Variable Default Purpose
ARTIFACTSTORE_DATABASE_URL sqlite+aiosqlite:///./var/artifactstore.db SQLAlchemy async URL. Alembic translates +aiosqlite and +asyncpg to their sync drivers at migrate-time.
ARTIFACTSTORE_STORAGE_LOCAL_ROOT ./var/storage Root directory for the local filesystem storage backend. Created on first use.
ARTIFACTSTORE_LOG_LEVEL INFO Python logging level (DEBUG / INFO / WARNING / ERROR).
ARTIFACTSTORE_AUTH_TOKENS empty Comma- or newline-separated shared-secret bearer tokens for the HTTP API.
ARTIFACTSTORE_ANON_READ false Set true only for local demos where read endpoints may be anonymous.
ARTIFACTSTORE_API_URL http://127.0.0.1:8000 Default API base URL used by HTTP-backed CLI commands.
ARTIFACTSTORE_API_TOKEN empty Default bearer token used by HTTP-backed CLI commands.
ARTIFACTSTORE_RETENTION_CONFIG_PATH empty Optional TOML file overriding retention-class default durations.
ARTIFACTSTORE_RETENTION_SWEEP_INTERVAL_SECONDS 3600 Default interval for external schedulers that invoke the retention sweeper.

See .env.example for the canonical template.

Retention policy TOML

By default, retention durations come from the seeded retention_classes rows. Operators can override the default duration per class with ARTIFACTSTORE_RETENTION_CONFIG_PATH:

[retention_classes.transient]
default_duration_seconds = 86400

[retention_classes."raw-evidence"]
default_duration_seconds = 7776000

[retention_classes."summary-evidence"]
default_duration_seconds = 31536000

[retention_classes."release-evidence"]
default_duration_seconds = 220752000

[retention_classes."permanent-record"]
# Omit default_duration_seconds for no expiry.

Run artifactstore retention sweep from cron or another scheduler to mark expired, unheld packages eligible for deletion. This work only records eligibility; it never deletes bytes.

Database backends

SQLite (development default)

Zero-config. The database file lives at ./var/artifactstore.db by default and is gitignored.

make migrate-fresh    # drop and re-create
make migrate          # idempotent: apply pending migrations

PostgreSQL 16+ (shared deployments)

Install the optional postgres extra (pulls in psycopg[binary] for Alembic's sync driver):

uv sync --all-extras --extra postgres

Set the URL with the async driver; Alembic switches to +psycopg for migrations automatically:

export ARTIFACTSTORE_DATABASE_URL=postgresql+asyncpg://artifactstore:secret@db.internal:5432/artifactstore
make migrate

The schema is identical to SQLite (per ADR-0002 the events table drives all materialised views).

Storage backends

The storage adapter SPI is documented in ADR-0001 and ADR-0004.

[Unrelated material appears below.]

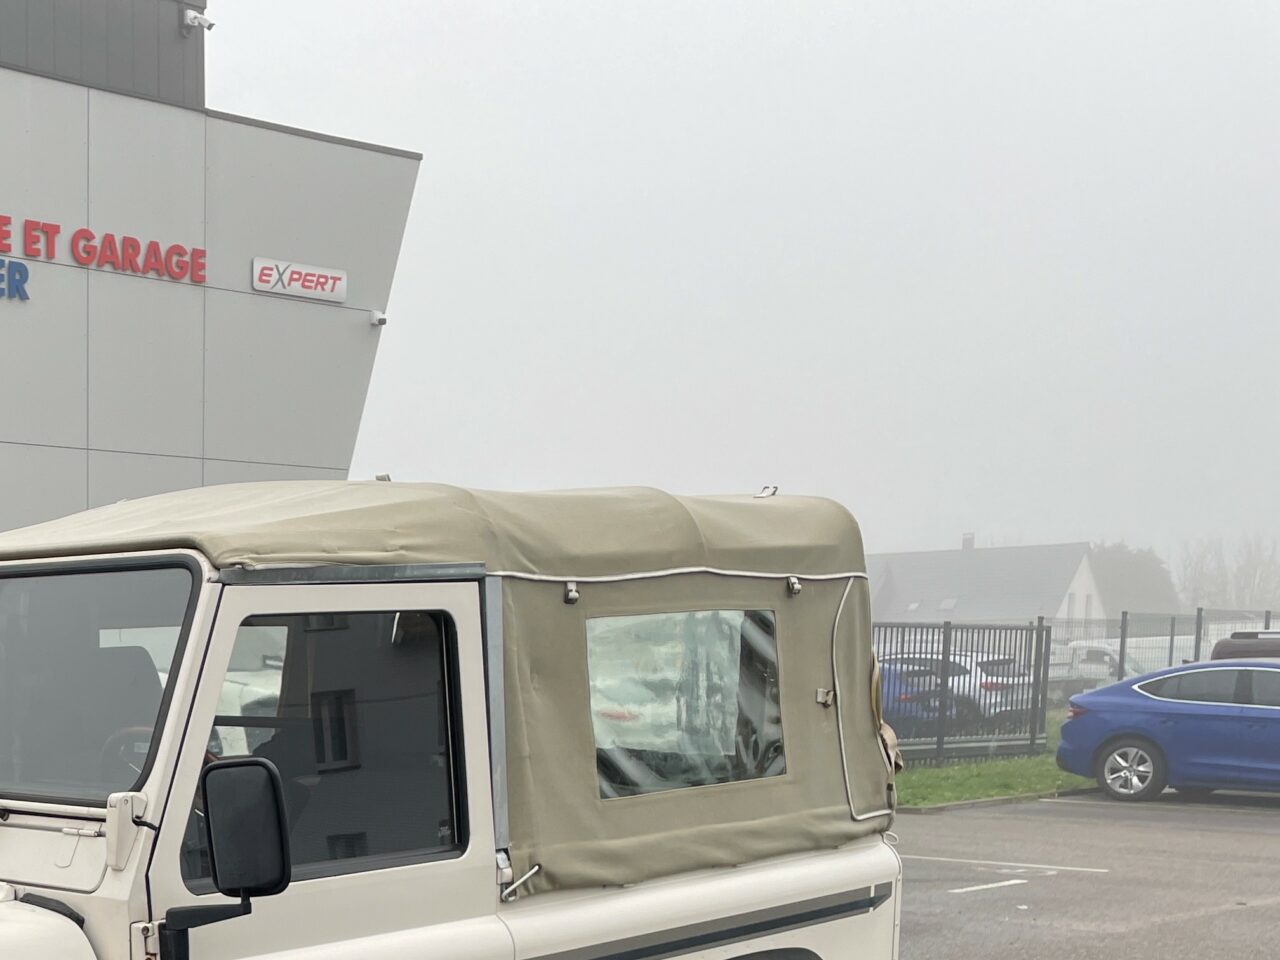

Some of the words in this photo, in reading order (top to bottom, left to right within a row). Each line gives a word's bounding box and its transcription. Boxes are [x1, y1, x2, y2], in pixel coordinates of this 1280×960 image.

[23, 218, 61, 261] ET
[70, 227, 208, 285] GARAGE
[257, 263, 343, 293] EXPERT
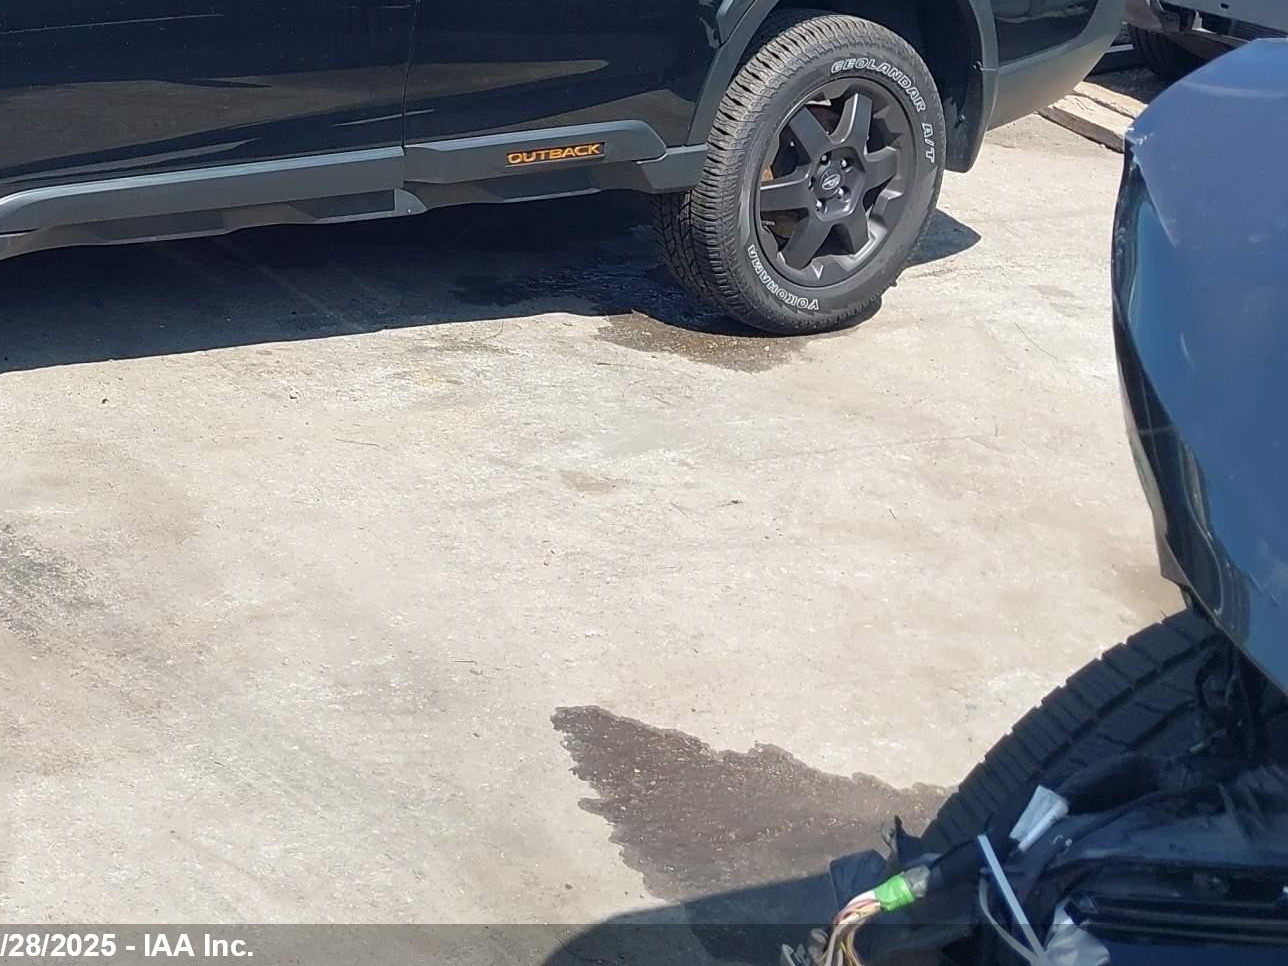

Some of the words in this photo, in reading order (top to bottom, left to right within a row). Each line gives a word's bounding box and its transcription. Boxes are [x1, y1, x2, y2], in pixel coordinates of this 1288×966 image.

Local filesystem (default)

Objects are addressed by content (blake3:<hex>) and laid out as

<root>/<algorithm>/<hex[0:2]>/<hex[2:4]>/<hex>

with atomic writes (tmpfile + fsync + rename). The S3-compatible backend lands in WP-0004.

CLI reference

artifactstore --help lists every subcommand. The v0.1 set:

Command Purpose
artifactstore version Print the package version and exit.
artifactstore migrate Run alembic upgrade head against the configured database.
artifactstore replay Truncate every materialised view and rebuild it from the event log; prints the highest sequence applied.
artifactstore health JSON liveness summary (db, backend, status). Same payload as the HTTP /health endpoint.
artifactstore push <dir> Push a directory through the HTTP API and finalize the package.
artifactstore manifest <package_id> Fetch the JSON manifest projection through the HTTP API.
artifactstore retention sweep Run one deletion-eligibility sweep against the configured DB.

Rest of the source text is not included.